This bring's me back to when I got my Sandy and was ready for overclocking it. There was some discussion's about how some were not getting good results, and a lot of finger pointing to motherboards mine included. 
I weighed my choices to end up with the current Z68BC Extreme and proceeded to start the boost! There was a few different way's to approach it, BIOS, voltages, offset,  base clock, and software you get the drift.
Remembering to KISS I tried some within BIOS, mainly just added some vCore. After getting a reasonable OC I started with the XTU software, and of coarse when it was brought up in the forum's
I kind felt it was shunned upon. But as I kept on remembering that Dave had used a different approached that used something that "came with the motherboard" . I started looking into the XTU that came with mine and after deciphering some voltage language that even puzzled a few of our member's I proceeded to push on.
Turned out that sometimes some BIOS auto functions would mess up things that shouldn't be mainly other voltages. So remembering to back track and readjust things all that was needed was mainly to change some limits and WHAM success. Even thou I used the software to first achieve the result, it allowed me to set them in BIOS when needed like after a reversion to Default. I went out of the box to get there.
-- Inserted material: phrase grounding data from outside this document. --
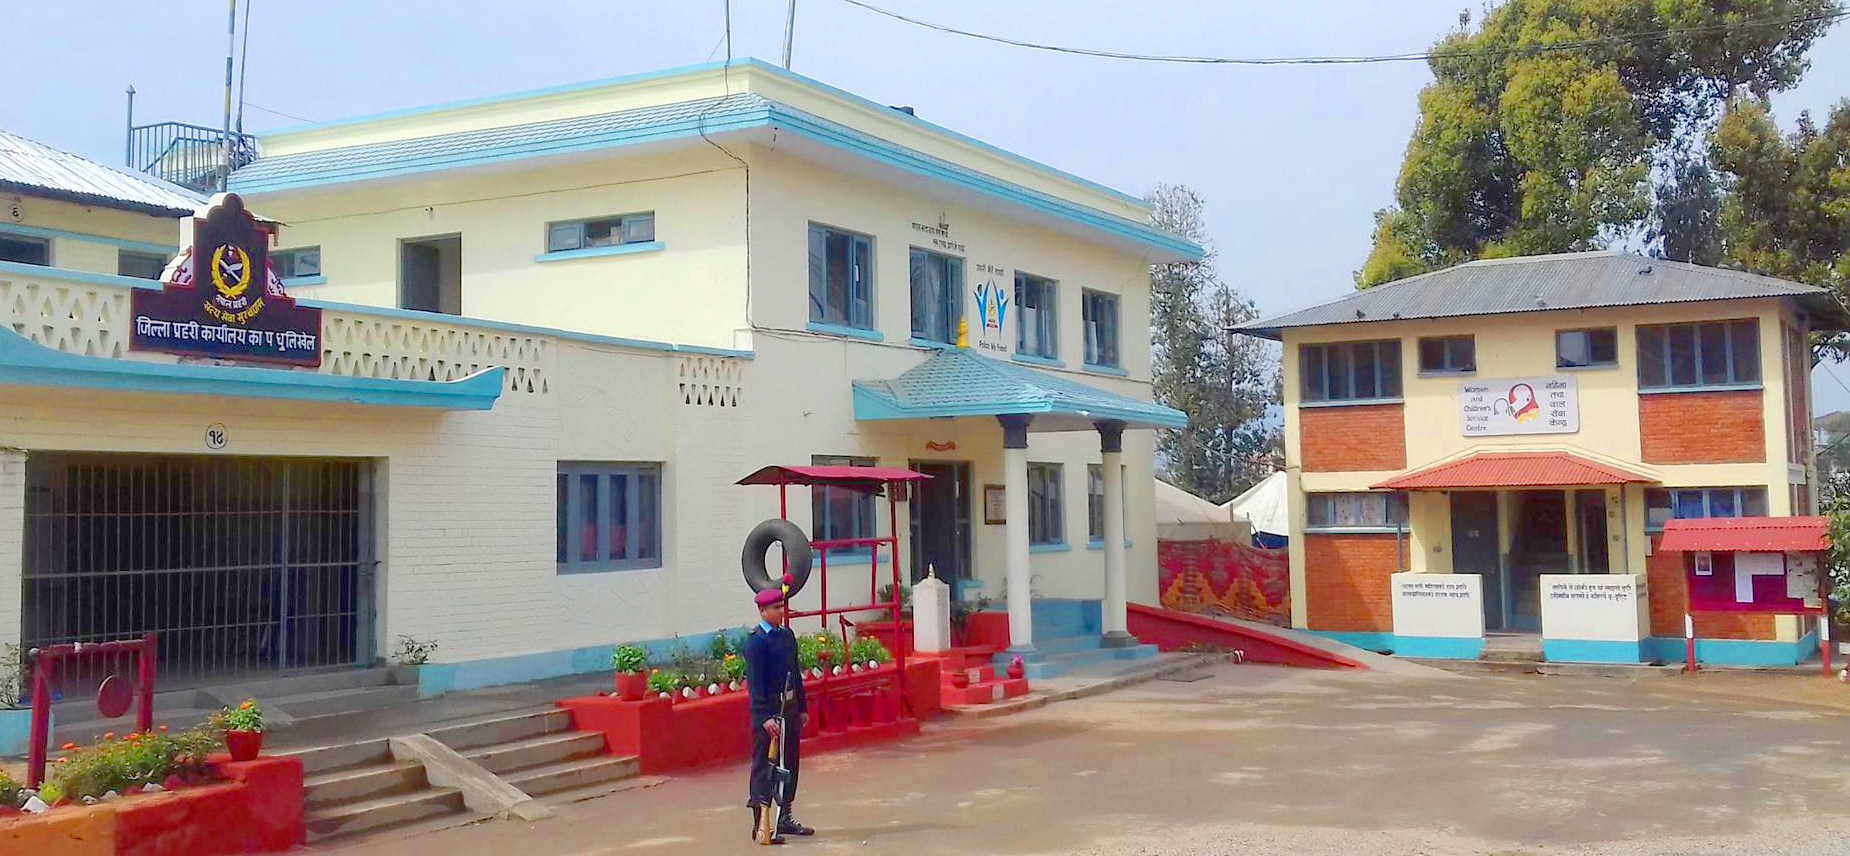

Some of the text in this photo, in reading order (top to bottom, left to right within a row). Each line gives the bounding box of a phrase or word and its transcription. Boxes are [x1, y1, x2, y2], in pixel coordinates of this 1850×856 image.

[204, 300, 222, 319] सत्य
[221, 311, 236, 324] सेवा
[136, 316, 316, 352] जिल्ला प्रहरी कार्यालय का प धुलिखेल
[1467, 414, 1489, 422] Service
[1466, 424, 1487, 432] Centre
So it appears this 7700K chip with these new Z270 boards  might need the right touch to achieve a better control of heat and even get a decent overclock that just maybe going back to the roots of overclocking universe of unknown's.  Bottom line, no overclock is guaranteed so YMMV as always 
Remember this is not about overclocking win's or failures, but it is about a new chip that may need to have an approach that might be out of the box.


----------



## Athlon2K15 (Jan 11, 2017)

Have the Maximus IX Hero on the way from Asus, will be interesting to see if i get same results.


----------



## trt740 (Jan 11, 2017)

You will definitely like the board it's very cool. I just had a lot of trouble with the voltage and the software. Heck now that I've been away from it for a few days, I'm half tempted to buy another one and give it a try. Who knows maybe I just had a bad board.  Make sure you use CPU installation tool that Asus gives you it's pretty cool and it protects the pins on the motherboard, Plus it makes your cooler fit tighter on the CPU.


----------



## sneekypeet (Jan 11, 2017)

I have cleaned the thread. Stay on topic and stop with the personal bs, thanks.


----------



## FireFox (Jan 18, 2017)

It's pointless to upgrade from 6700K to a 7700K but i have ordered it today


----------



## Kursah (Jan 18, 2017)

Well here's to hoping you get that golden sample that reaches 5.2!


----------



## AndrewWyb (Feb 19, 2017)

I personally love the 7700K I recently bought. I upgraded from the still-capable 3770K and it's a good 50%+ increase in performance. I also paired it with the IX Hero, and I'm 100% stable @ 5.0 GHZ running 1.3V, and staying around 28C while idle and 65C @ 100% load. I haven't tried upping the voltage to see if I can hit 5.1 or 5.2, but I'm a little nervous to do so because my rig is running so perfectly right now and I don't wanna mess with the performance I've already got, or heavily degrade the CPU for only a 1 or 2% performance increase. I also upgraded my SLI GTX 670's to a Zotac ArcticStorm GTX 1080 and I'm dominating (#1 in both baby!) in the most recent Unigine Valley and Heaven benchmark rank threads in the TPU graphics forum, easily beating out users with the same GPU and similar overclocks, but paired with high-end x99 CPU like the uber expensive i7 6950x. For $330, it's an amazing deal and a quality processor. Plus it has the best integrated graphics out of any CPU on the market, which can't be anything BUT a positive!


----------



## Mussels (Feb 19, 2017)

AndrewWyb said:


> I personally love the 7700K I have. I upgraded from a 3770K and it's a good 50%+ increase in performance. I also paired it with the IX Hero, and I'm 100% stable @ 5.0 GHZ running 1.3V, and staying around 28C while idle and 65C @ 100% load. I haven't tried upping the voltage to see if I can hit 5.1 or 5.2, but I'm a little nervous to do so because my rig is running so perfectly right now and I don't wanna mess with it . I also upgraded my SLI 670's to a Zotac ArcticStorm GTX 1080 and I'm dominating (#1 ranks baby!) in both the most recent Unigine Valley and Heaven benchmark threads in the TPU graphics forum, easily beating out users with the same GPU and overclocks, but paired the uber expensive i7 6950x. For $330, it's an amazing deal and a quality processor. Plus it has decent integrated graphics which is always a plus!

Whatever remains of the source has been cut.